A expressão de dor no rosto de Bella deixava Edward cada vez mais angustiado. Ele precisava tê-la de volta. Precisava saber o que se passava em sua cabeça.

_ Olhe para mim, Bella! Abra seus olhos e olhe para mim! – pediu com a voz trêmula.

Bella continuava com os olhos fechados. Edward diminuiu a distância entre os dois segurando o rosto de Bella com as duas mãos forçando-a a olhar para ele.

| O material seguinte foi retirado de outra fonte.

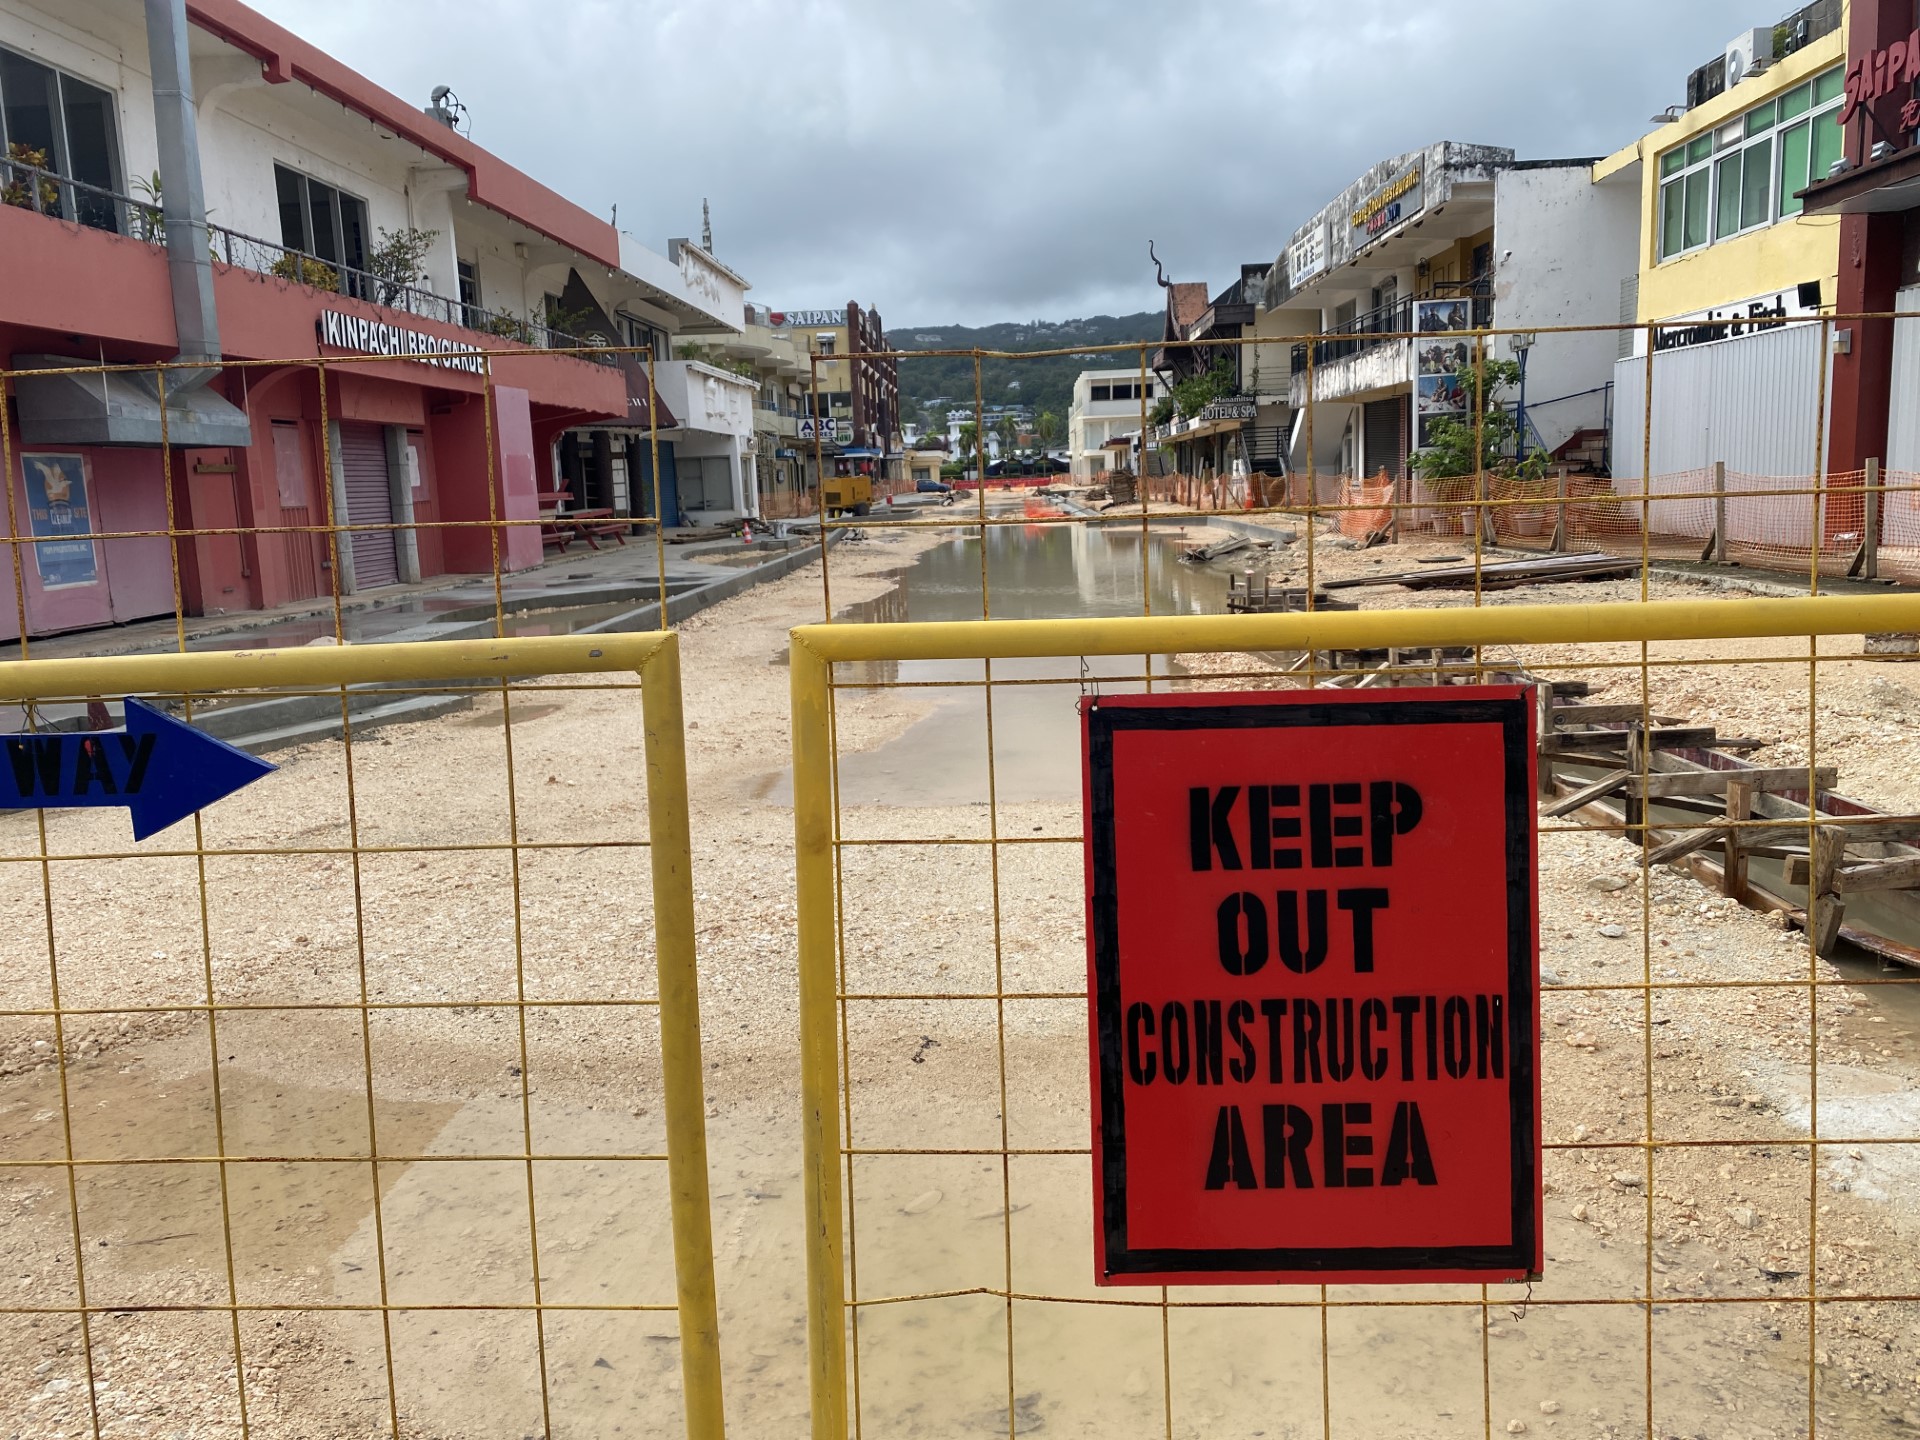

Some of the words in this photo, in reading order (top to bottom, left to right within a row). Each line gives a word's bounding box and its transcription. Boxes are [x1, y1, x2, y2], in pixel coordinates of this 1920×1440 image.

[322, 309, 405, 356] KINPACHI
[407, 330, 438, 368] BBQ
[786, 310, 842, 325] SAIPAN
[1731, 312, 1745, 337] &
[1748, 294, 1787, 334] Fitch
[801, 419, 835, 432] ABC
[1200, 407, 1231, 420] HOTEL
[1231, 407, 1239, 418] &
[1240, 405, 1257, 418] SPA
[1215, 395, 1255, 403] Hanamitsu
[6, 733, 157, 797] WAY
[1189, 781, 1424, 871] KEEP
[1217, 888, 1390, 976] OUT
[1127, 994, 1505, 1086] CONSTRUCTION
[1205, 1101, 1439, 1190] AREA
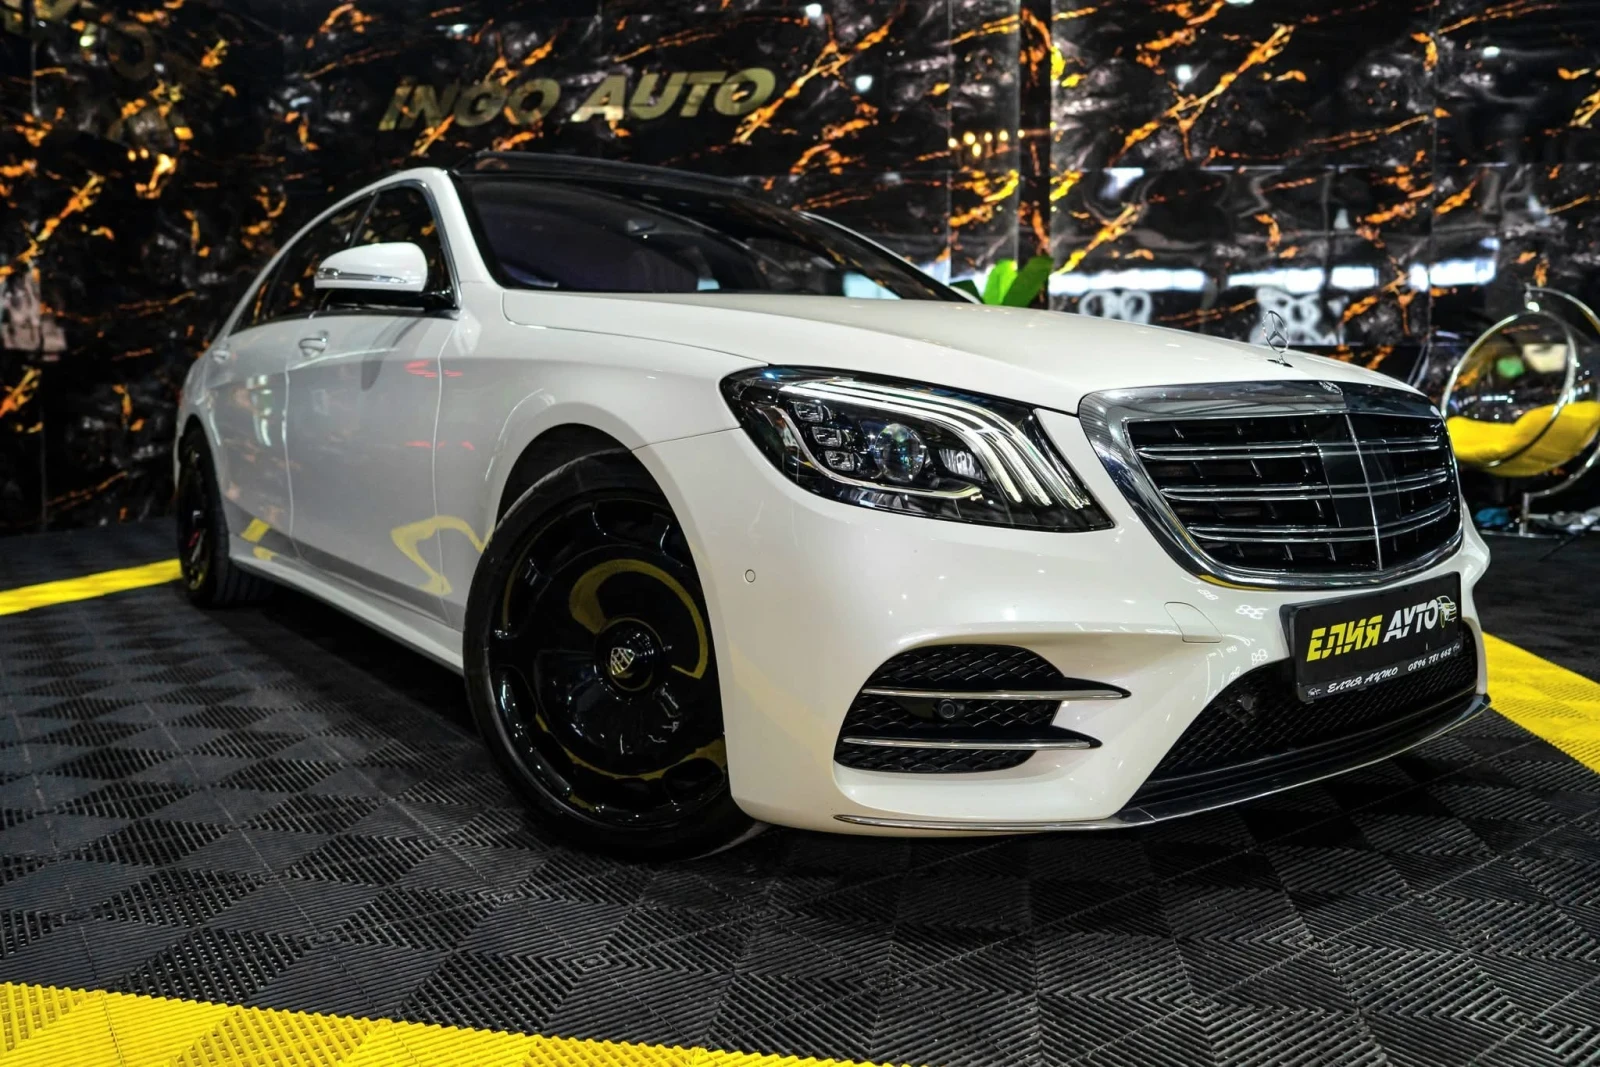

_ Olhe dentro dos meus olhos e me diz o que você vê, Bella!

_ ...

O desespero tomou conta de Edward. Ele precisava provar que o amor que ele sentia era por ela e não pelo fantasma de Isa.

_ Você sente isso, Bella? – Edward levou a mão de Bella ao seu peito colocando-a sobre seu coração. – Sente como meu coração bate forte? Há cinco anos ele não batia, Bella! Ele esteve morto durante todo esse tempo e só depois que eu a conheci eu pude senti-lo de novo. Mas, Bella, ele nunca bateu tão forte como agora!

Bella olhava para o rosto de Edward querendo dizer que o amava, e muito, mas as palavras simplesmente não saiam de sua boca.

_ Droga, Bella! Será que você não percebe como eu fico louco só de te ver? Como eu tremo de ansiedade quando você chega perto de mim? Será que você não percebe como o meu corpo estremece quando você me toca e quando você sussurra meu nome no meu ouvido? Será que você não percebe a sede que eu tenho dos teus beijos e a fome que eu tenho do teu corpo? Será que só você não percebe que eu estou completamente perdido de amor por você?

Bella fechou os olhos deixando uma lágrima rolar por seu rosto enquanto saboreava cada palavra de Edward. Desejava ouvir aquelas palavras havia muito tempo, mas jamais havia imaginado a sensação maravilhosa que elas provocariam.

_ Você está sentindo isso, Bella? – disse Edward apertando o corpo de Bella contra o seu fazendo com que ela sentisse o volume dentro de suas calças. – Isso é por sua causa. Há cinco anos mulher nenhuma provoca isso em mim, só você faz isso comigo. Por favor, acredite em mim!

Bella não podia mais ficar calada. Com lágrimas nos olhos, abraçou a cintura de Edward recostando a cabeça em seu peito. Podia sentir seu coração batendo forte e agora estava certa de que ele batia por ela.

_ Eu te amo, Edward! Mais do que você pode imaginar!

Edward a envolveu em um abraço forte e, respirando aliviado, sorriu.

_ Eu te amo mais, meu anjo! Muito mais!

O contato de seus corpos bastou para que ambos se esquecessem do mundo lá fora. Tudo o que importava para eles estava ali, naquela sala. Precisavam um do outro. Precisavam sentir um ao outro e foi no tapete da sala de sua casa que Bella, mais uma vez, se sentiu a mulher mais feliz do mundo, quando o corpo de Edward se uniu ao dela. Amaram-se com a fome e a urgência que uma noite inteira de angústia e separação tinha provocado. Mesmo que o futuro fosse incerto, ambos tinham certeza de uma coisa: haviam encontrado a pessoa com quem passariam o resto de suas vidas.